Nada más entrar en la perruqueria-barbería Sant Jordi, ubicada en el pueblo del mismo nombre, nos encontramos a Catalina recostada en el sillón de trabajo, frente al espejo al cual se asoma coqueta. «Viene a menudo para que le arreglemos el pelo, habitualmente le gusta ir de rubia pero hoy la he puesto de platino», desliza Verònica. Algo se remueve en mi interior cuando me encuentro cara a cara con nuestra protagonista. Su mirada limpia, el cabello platino y sus rasgos me recuerdan a los de mi abuela. Se lo digo, pero no me entiende. Insisto: «Senyora Cantallops, vostè em recorda molt a la meva àvia». «Ah, a la teva padrina vols dir, en mallorquí es diu padrina», me corrige. Le pregunto cuál es el secreto de su longevidad y me dice que dormir y comer bien. No se priva de nada y me aseguran que tiene buen saque.

Buena conversadora

La encanta ver la televisión, sus nietos le regalaron una pantalla grande y disfruta como una chiquilla asomándose a la vida, los sueños y las aventuras de otros. Aunque advierte que no le gustan las «películas de amores». Asegura Verònica que es una buena clienta, «conversa sobre los temas que habitualmente se tratan en una peluquería, y es muy bromista», añade. Lejos de renunciar a la vida social, le gusta ir a la peluquería a cuidar su imagen y se mantiene en forma dando pequeños paseos. Aunque reconoce que luego le cuesta dormir: «Tengo que tomar pastillas porque me cuesta mucho conciliar el sueño», pero a renglón seguido subraya con un brillo de orgullo que «son las únicas pastillas que tomo».
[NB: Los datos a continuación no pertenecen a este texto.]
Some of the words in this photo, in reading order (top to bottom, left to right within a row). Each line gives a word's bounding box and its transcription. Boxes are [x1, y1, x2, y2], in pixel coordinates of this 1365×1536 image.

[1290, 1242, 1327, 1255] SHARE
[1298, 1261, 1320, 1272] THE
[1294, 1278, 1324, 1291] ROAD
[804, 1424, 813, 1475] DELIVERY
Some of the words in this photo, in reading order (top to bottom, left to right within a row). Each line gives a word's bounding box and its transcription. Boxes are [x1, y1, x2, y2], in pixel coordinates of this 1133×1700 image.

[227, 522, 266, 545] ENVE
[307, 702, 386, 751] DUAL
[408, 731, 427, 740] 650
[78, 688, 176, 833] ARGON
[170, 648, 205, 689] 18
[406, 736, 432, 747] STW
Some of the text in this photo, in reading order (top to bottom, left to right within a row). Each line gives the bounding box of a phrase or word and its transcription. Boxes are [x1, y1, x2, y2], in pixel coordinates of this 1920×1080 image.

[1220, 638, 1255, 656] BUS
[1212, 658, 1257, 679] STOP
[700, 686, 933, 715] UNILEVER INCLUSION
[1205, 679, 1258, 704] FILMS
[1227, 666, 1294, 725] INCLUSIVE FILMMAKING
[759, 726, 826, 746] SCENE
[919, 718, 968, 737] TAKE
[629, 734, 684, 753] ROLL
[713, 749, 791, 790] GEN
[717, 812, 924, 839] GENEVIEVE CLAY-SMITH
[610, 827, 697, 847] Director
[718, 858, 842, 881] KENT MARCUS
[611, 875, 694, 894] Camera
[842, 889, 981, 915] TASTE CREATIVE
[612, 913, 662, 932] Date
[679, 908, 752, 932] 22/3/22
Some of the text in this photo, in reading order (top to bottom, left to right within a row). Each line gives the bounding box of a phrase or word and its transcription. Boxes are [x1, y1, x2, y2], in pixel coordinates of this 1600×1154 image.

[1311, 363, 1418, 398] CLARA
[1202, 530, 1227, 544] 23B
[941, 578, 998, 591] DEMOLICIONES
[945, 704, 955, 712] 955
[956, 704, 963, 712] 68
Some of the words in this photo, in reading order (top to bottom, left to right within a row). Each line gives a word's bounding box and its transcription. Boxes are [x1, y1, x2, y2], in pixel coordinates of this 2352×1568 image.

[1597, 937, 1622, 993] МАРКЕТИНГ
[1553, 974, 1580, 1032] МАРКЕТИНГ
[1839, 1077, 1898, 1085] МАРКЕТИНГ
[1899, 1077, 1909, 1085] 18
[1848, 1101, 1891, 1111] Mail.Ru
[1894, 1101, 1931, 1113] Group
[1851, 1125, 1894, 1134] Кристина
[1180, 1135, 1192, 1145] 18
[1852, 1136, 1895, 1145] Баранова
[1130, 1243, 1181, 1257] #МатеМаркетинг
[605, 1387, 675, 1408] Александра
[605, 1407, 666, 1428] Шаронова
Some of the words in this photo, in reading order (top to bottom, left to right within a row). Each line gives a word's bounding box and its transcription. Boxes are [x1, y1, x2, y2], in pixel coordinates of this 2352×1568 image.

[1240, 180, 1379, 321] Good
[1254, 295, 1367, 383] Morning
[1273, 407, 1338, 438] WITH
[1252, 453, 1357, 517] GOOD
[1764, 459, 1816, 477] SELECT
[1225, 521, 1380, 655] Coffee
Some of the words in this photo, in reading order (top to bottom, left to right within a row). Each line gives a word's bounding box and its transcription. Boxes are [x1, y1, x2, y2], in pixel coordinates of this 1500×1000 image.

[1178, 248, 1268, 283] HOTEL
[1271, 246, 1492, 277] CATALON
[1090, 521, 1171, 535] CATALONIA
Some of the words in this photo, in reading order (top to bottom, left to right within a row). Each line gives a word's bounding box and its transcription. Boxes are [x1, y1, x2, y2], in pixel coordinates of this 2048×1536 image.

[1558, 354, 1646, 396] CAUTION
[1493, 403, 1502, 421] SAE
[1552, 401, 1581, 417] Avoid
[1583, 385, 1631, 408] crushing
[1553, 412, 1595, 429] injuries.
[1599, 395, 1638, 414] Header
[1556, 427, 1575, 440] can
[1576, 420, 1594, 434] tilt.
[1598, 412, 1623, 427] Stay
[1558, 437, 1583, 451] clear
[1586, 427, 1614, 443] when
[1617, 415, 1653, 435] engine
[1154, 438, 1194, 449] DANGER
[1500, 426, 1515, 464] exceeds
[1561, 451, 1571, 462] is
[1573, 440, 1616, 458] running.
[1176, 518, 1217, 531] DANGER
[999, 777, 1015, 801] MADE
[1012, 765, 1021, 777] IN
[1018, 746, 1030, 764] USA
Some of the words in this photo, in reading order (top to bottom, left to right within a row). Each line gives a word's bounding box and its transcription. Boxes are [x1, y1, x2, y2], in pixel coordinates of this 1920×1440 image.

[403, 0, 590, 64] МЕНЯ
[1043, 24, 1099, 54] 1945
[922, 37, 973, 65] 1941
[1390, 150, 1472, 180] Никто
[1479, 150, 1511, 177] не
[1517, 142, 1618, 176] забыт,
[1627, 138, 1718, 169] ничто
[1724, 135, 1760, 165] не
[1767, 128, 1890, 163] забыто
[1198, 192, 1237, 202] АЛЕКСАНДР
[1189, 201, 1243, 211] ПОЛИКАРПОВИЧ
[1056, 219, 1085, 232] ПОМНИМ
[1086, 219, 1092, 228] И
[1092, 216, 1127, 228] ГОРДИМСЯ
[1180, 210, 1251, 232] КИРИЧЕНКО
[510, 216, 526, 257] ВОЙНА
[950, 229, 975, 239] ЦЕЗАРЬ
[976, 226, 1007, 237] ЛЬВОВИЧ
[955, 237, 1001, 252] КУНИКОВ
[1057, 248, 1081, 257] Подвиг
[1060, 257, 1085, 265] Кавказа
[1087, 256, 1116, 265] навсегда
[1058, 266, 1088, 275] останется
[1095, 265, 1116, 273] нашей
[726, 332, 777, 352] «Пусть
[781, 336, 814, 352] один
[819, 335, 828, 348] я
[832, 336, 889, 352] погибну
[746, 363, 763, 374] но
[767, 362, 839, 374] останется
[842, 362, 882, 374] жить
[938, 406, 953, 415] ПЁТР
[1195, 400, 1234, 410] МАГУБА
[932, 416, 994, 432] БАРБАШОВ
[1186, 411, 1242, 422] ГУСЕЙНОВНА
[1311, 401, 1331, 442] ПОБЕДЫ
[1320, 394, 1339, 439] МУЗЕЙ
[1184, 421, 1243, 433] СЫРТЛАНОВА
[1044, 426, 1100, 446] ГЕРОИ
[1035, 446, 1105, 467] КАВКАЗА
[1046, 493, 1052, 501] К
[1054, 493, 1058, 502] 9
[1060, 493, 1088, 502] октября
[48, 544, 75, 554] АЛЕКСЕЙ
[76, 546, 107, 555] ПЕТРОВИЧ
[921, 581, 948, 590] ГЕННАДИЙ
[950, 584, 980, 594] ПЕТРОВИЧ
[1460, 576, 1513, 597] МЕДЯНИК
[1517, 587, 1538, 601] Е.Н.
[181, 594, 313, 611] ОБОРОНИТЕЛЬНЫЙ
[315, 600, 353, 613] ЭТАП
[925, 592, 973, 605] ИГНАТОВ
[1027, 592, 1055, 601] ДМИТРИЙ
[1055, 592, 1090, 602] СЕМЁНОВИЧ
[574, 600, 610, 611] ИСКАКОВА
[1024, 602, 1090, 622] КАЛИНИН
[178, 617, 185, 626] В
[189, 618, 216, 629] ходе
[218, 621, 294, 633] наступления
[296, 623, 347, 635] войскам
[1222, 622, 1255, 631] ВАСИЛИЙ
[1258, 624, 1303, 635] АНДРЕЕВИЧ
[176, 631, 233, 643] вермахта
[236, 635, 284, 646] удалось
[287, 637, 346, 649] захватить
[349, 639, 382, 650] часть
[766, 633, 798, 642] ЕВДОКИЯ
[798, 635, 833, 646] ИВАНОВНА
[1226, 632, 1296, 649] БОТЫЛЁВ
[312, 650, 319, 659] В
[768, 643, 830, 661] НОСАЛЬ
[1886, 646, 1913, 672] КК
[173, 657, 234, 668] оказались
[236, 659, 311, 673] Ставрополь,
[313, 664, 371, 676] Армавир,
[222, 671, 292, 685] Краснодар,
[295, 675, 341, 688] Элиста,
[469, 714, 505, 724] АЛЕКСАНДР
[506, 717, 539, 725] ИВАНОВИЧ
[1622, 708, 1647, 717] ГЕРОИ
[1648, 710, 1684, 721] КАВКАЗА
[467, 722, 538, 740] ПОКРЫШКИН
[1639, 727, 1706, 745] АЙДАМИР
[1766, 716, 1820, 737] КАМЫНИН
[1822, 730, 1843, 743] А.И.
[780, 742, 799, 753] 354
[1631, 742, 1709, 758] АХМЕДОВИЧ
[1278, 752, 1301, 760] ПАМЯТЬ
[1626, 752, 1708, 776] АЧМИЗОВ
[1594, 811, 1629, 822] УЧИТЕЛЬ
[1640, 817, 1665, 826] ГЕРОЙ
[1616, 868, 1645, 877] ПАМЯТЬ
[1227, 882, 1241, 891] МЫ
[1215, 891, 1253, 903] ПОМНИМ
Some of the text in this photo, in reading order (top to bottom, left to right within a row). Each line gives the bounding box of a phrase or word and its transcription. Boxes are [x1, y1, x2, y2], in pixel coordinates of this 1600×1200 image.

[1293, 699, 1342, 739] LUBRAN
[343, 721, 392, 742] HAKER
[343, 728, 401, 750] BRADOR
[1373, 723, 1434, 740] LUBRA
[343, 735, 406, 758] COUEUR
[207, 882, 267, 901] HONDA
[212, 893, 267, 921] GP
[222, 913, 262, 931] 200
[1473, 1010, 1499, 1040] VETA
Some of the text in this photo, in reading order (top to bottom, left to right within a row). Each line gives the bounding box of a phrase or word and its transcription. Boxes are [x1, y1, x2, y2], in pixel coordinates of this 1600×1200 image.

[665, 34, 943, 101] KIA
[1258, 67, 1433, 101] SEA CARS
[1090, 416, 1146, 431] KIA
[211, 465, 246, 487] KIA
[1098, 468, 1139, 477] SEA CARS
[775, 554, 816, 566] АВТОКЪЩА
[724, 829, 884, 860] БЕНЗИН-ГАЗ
Catalina pasó su vida profesional sin salir de la Isla, no fue hasta la jubilación que pudo ver mundo, y tampoco se fue muy lejos: «He ido a Maó, Barcelona y Madrid». No necesita más, es feliz en Sant Jordi. Le pregunto qué haría si pudiera volver a nacer y me responde pizpireta «es mateix». ¿No cambiaría nada?, «res», zanja. Me intereso por la dieta que sigue, quizá sea buena idea ir ‘tomando nota’… Come de todo, arroz, carne, pescado y sopa. Esta Catalina es un prodigio. Ya hace rato que nos tuteamos. A alguien con su vitalidad y lucidez no se le puede avejentar con modismos. Antes de despedirme de esta mujer de rostro delicado y memoria abismal, nos fundimos en un abrazo y me vuelve a sobrevolar el recuerdo de mi abuela. Imposible no emocionarse.

A sus resueltos 107 años, Catalina es una de las contadas personas que bordean la condición de ‘supercentenarios’ (más de 110 años). Extrovertida, carismática y apasionada, nuestra protagonista ha sabido dar sentido a su vida y adaptarse a cualquier situación. Desde estas líneas le deseamos que llegue, al menos, hasta los 122 años para igualar el récord de longevidad de la francesa Jeanne Calment.